Make a verbatim transcription of the records, without the pictures.
[Start of Attachment]
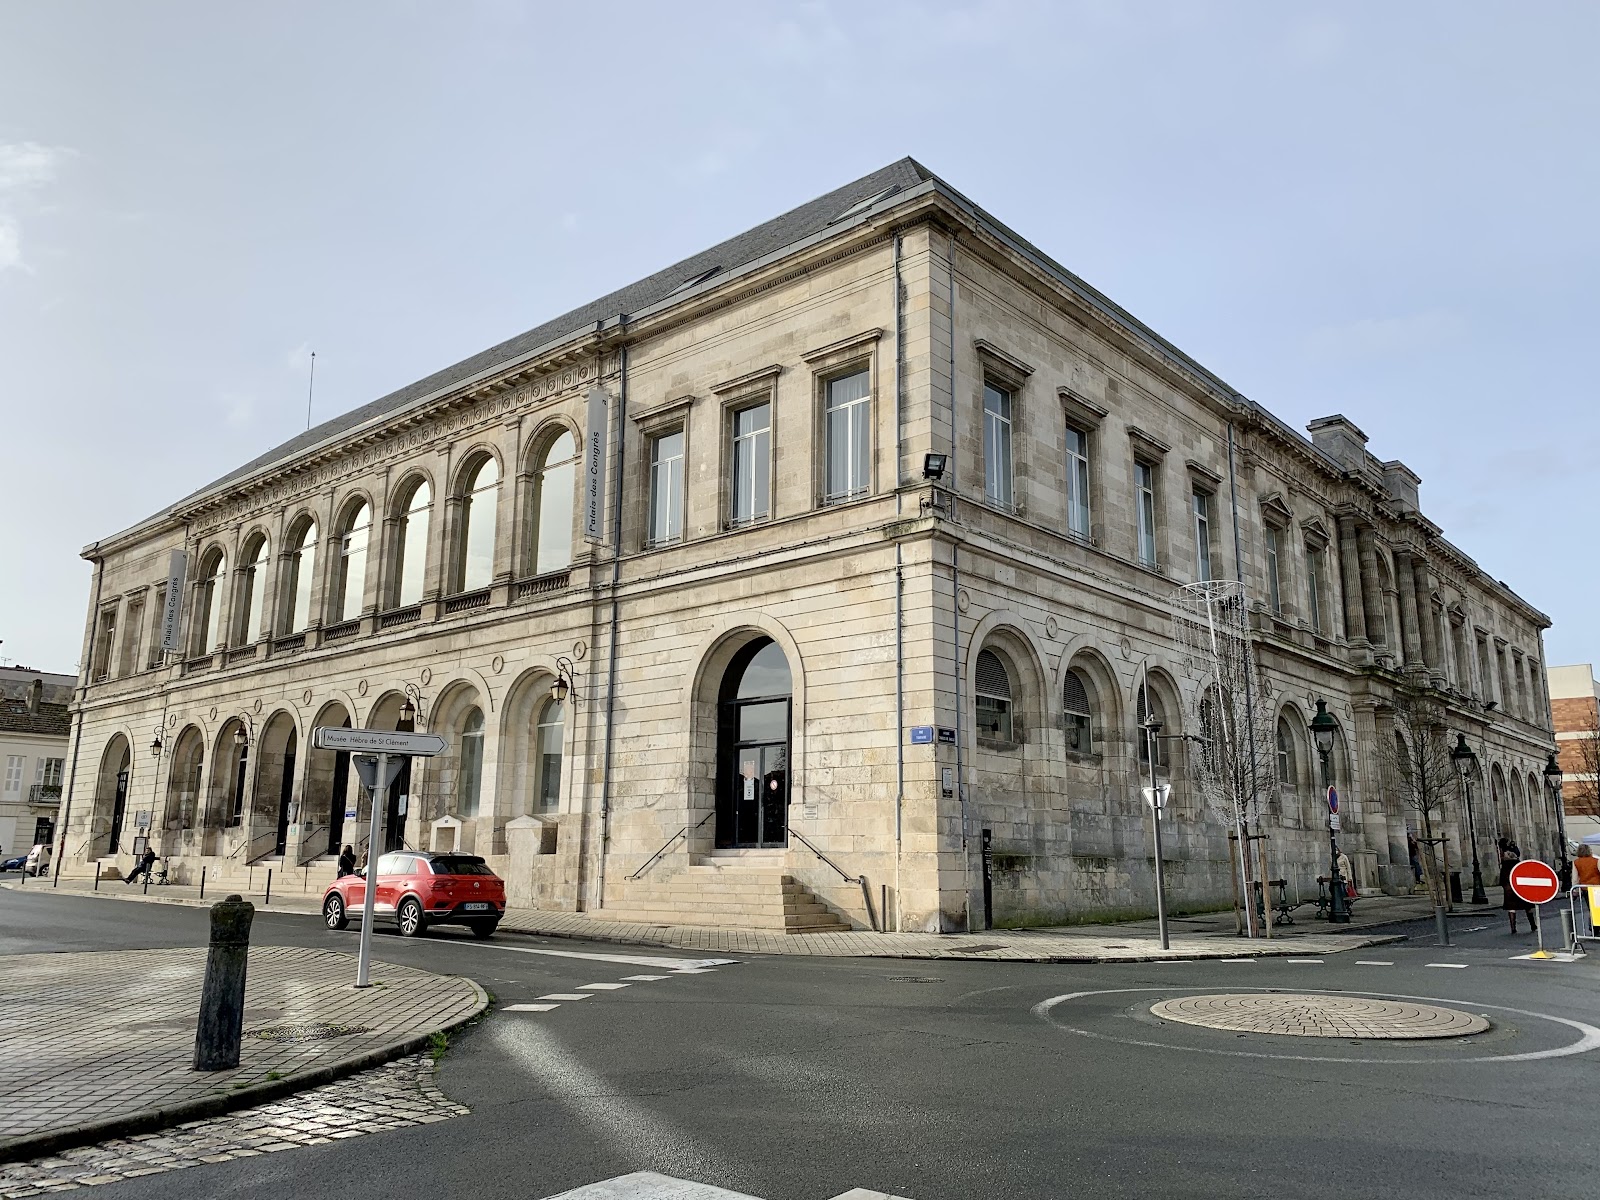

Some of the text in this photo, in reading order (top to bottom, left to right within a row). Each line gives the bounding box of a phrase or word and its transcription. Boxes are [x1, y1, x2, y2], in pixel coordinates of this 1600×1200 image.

[590, 431, 600, 475] Congrès
[588, 500, 597, 532] Palais
[163, 624, 173, 646] Palais
[326, 735, 347, 743] Musée
[385, 738, 409, 746] Clément
[End of Attachment]
Response below
Some of the text in this photo, in reading order (top to bottom, left to right within a row). Each line gives the bounding box of a phrase or word and its transcription. Boxes are [x1, y1, x2, y2], in pixel coordinates of this 1600×1200 image.

[590, 431, 600, 475] Congrès
[588, 500, 597, 532] Palais
[163, 624, 173, 646] Palais
[326, 735, 347, 743] Musée
[385, 738, 409, 746] Clément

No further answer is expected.